The claims against the hospital were settled prior to trial for a confidential amount, leaving the matter to go to trial against the obstetrician only.
The physician claimed that the patient had appropriate monitoring and treatment while the obstetrician was in attendance, and prescribed medication for uterine atony. She argued that she had relied on the nurses to advise her of any change in condition needing further evaluation and treatment, and that she was not informed of any changes. The defense’s theory was that the patient suffered some catastrophic thromboembolic event that caused the sudden arrest. This theory was put forth based on the fact that the patient had voided just prior to the code, which they claimed would not have occurred if she was in hypovolemic shock to the point of cardiac arrest.

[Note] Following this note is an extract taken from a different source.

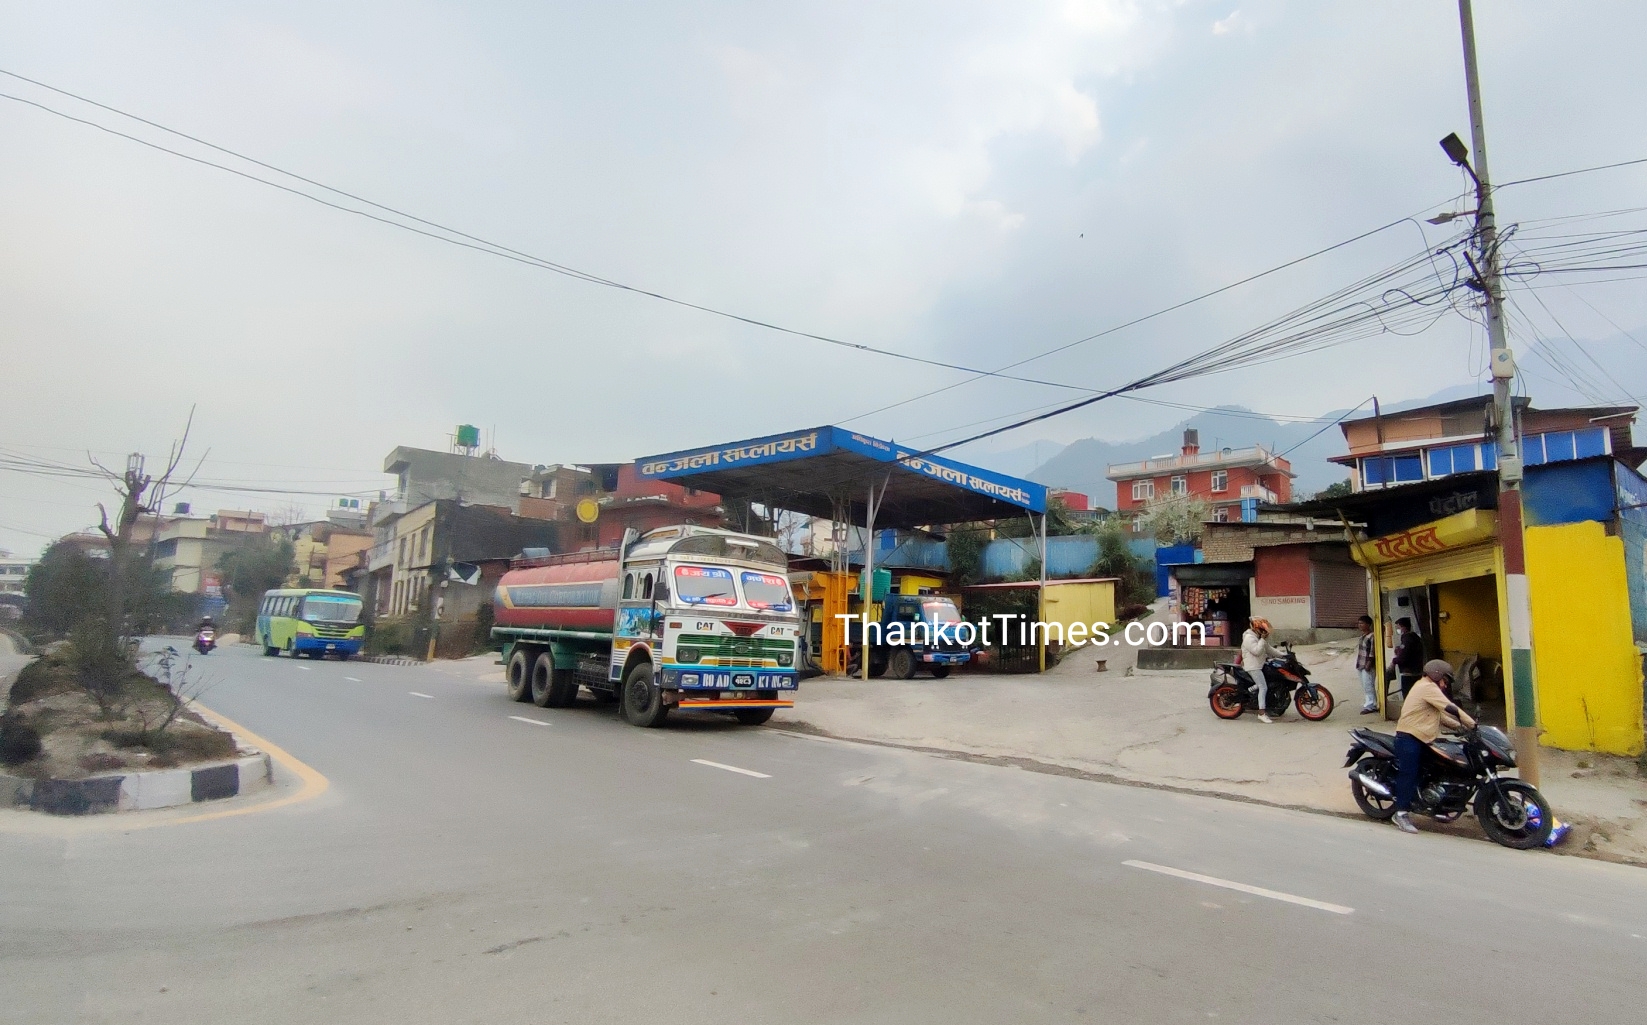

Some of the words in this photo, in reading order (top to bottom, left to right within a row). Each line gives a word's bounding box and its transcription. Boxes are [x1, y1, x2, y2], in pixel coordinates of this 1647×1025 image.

The jury found both the hospital and the obstetrician equally at fault and awarded a total of $4,739,587. The parties are in negotiations for a post-trial settlement.
A Michigan woman underwent a hysterectomy. Pathology revealed a uterine polyp. After the operation the patient developed a vesicovaginal fistula, which required 2 operations, including a cystoscopy with bilateral stent placement and an open abdominal procedure for repair with reimplantation of the left ureter.

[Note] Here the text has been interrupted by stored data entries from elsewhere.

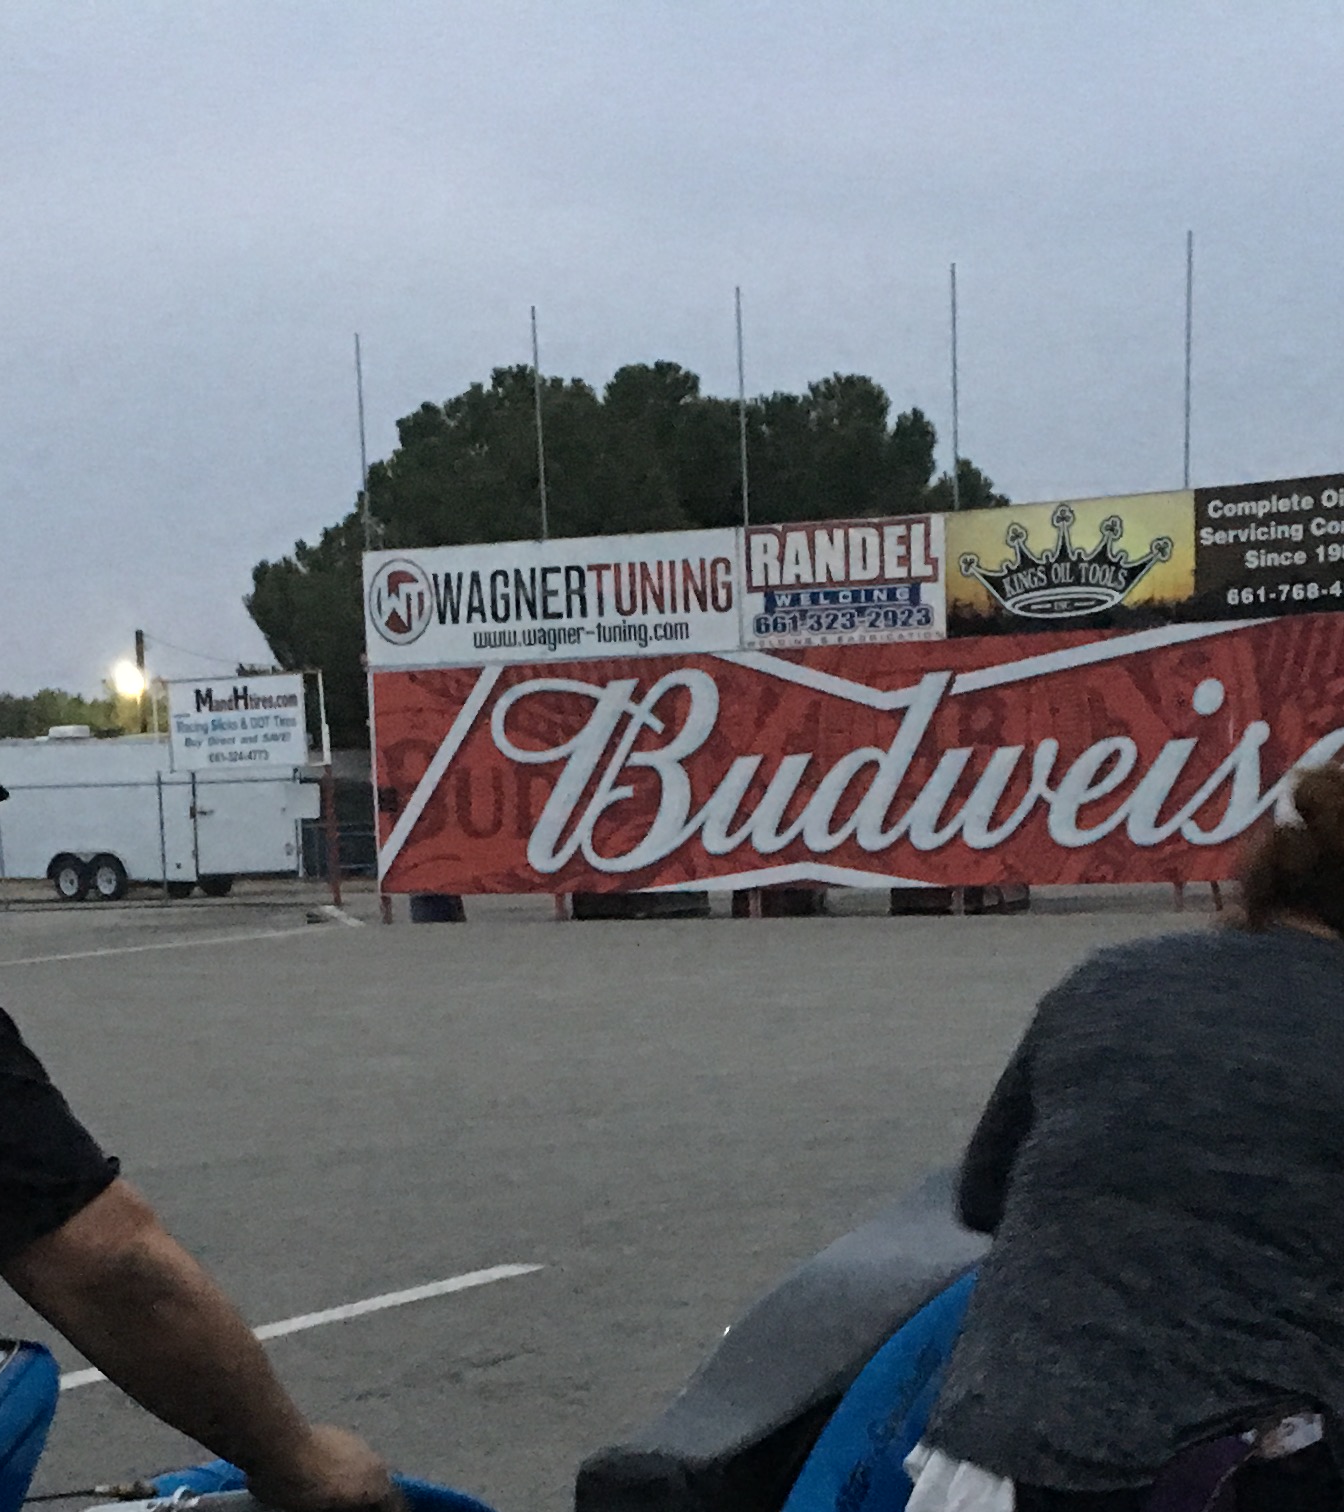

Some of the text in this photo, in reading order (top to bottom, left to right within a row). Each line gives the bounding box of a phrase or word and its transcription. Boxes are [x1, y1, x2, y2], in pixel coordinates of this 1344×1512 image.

[1207, 494, 1315, 518] Complete
[1200, 521, 1304, 545] Servicing
[749, 521, 935, 588] RANDEL
[1244, 549, 1307, 569] Since
[431, 556, 734, 625] WAGNERTUNING
[1002, 562, 1128, 597] KINGS OIL TOOLS
[774, 588, 910, 608] WELDING
[755, 606, 933, 635] 661-323-2923
[473, 620, 690, 651] www.wagner-tuning.com

The woman sued the gynecologist who performed the hysterectomy and claimed that the physician should have performed either a dilatation and curettage (D&C) or a hysteroscopy, which would have revealed a bleeding polyp that could have been treated without performing the hysterectomy.
The doctor argued that the woman had undergone years of conservative treatment for continuing complaints of pain and bleeding, including 2 D&C procedures with an additional fibroid embolization without a cessation of symptoms. Further, he claimed that while a polypectomy might have relieved the bleeding from the polyp, it would not have ended the patient’s pain.

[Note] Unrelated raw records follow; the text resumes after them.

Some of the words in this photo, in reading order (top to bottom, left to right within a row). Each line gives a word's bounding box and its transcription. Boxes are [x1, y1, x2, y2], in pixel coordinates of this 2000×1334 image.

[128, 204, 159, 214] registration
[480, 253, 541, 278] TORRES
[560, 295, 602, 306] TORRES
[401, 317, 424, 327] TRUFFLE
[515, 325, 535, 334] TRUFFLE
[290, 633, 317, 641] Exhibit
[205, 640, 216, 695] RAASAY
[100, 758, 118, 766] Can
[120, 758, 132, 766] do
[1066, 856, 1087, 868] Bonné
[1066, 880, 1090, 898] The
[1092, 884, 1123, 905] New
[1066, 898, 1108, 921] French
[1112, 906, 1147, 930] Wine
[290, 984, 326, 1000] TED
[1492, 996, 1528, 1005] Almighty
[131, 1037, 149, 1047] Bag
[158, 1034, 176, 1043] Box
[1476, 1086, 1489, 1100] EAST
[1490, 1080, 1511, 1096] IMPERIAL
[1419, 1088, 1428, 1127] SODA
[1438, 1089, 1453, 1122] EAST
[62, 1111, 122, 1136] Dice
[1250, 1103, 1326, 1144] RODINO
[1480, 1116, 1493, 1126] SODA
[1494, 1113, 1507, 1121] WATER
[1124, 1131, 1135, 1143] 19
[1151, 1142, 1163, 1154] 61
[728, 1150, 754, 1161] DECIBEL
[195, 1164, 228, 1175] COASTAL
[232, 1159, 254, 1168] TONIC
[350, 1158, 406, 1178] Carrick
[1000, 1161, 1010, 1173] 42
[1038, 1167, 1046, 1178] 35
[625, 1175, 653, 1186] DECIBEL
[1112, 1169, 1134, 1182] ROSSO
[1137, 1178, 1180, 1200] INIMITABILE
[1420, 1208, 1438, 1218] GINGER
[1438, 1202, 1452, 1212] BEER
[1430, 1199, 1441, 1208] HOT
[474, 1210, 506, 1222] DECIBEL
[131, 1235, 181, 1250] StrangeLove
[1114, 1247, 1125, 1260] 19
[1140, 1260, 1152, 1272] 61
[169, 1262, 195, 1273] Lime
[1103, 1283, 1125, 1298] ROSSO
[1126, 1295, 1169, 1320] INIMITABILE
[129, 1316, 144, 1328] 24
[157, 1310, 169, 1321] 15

A defense verdict was returned.
A 33-year-old Illinois woman was diagnosed with placenta previa during her pregnancy in 2007. At approximately 32 weeks’ gestation, an ultrasound (U/S) was performed by a radiologist. Two months later the woman was hospitalized for a scheduled cesarean delivery. No preoperative imaging was done and during the operation the obstetrician noticed a 3- to 4-inch lesion where the placenta had infiltrated through the uterine wall. When the placenta was removed the patient began hemorrhaging and an emergency hysterectomy was performed without summoning any additional surgeons and without administering any blood or blood products. The patient developed life-threatening bleeding/clotting problems, which led to gangrene developing in her extremities. She died 5 days after the delivery.
A lawsuit was filed against those involved with the patient’s care. The claim against the radiologist was that he was negligent in failing to recognize and/or report the presence of the placenta accreta during the U/S examination performed at 32 weeks’ gestation. Negligence was alleged against the obstetrician in failing to obtain any further imaging studies to assess the placenta prior to delivery, and for failing to stop the procedure when he noticed placental tissue had invaded through the uterine wall and call for more surgeons and order blood products before attempting to remove the placenta. It was further alleged that both the obstetrician and the hospital were negligent in failing to summon help, back up surgeons, and appropriate blood product replacement, which ultimately resulted in severe hemorrhaging and the resultant gangrene and the woman’s death.
The jury found both the physicians and hospital were liable and returned a verdict of $15.5 million.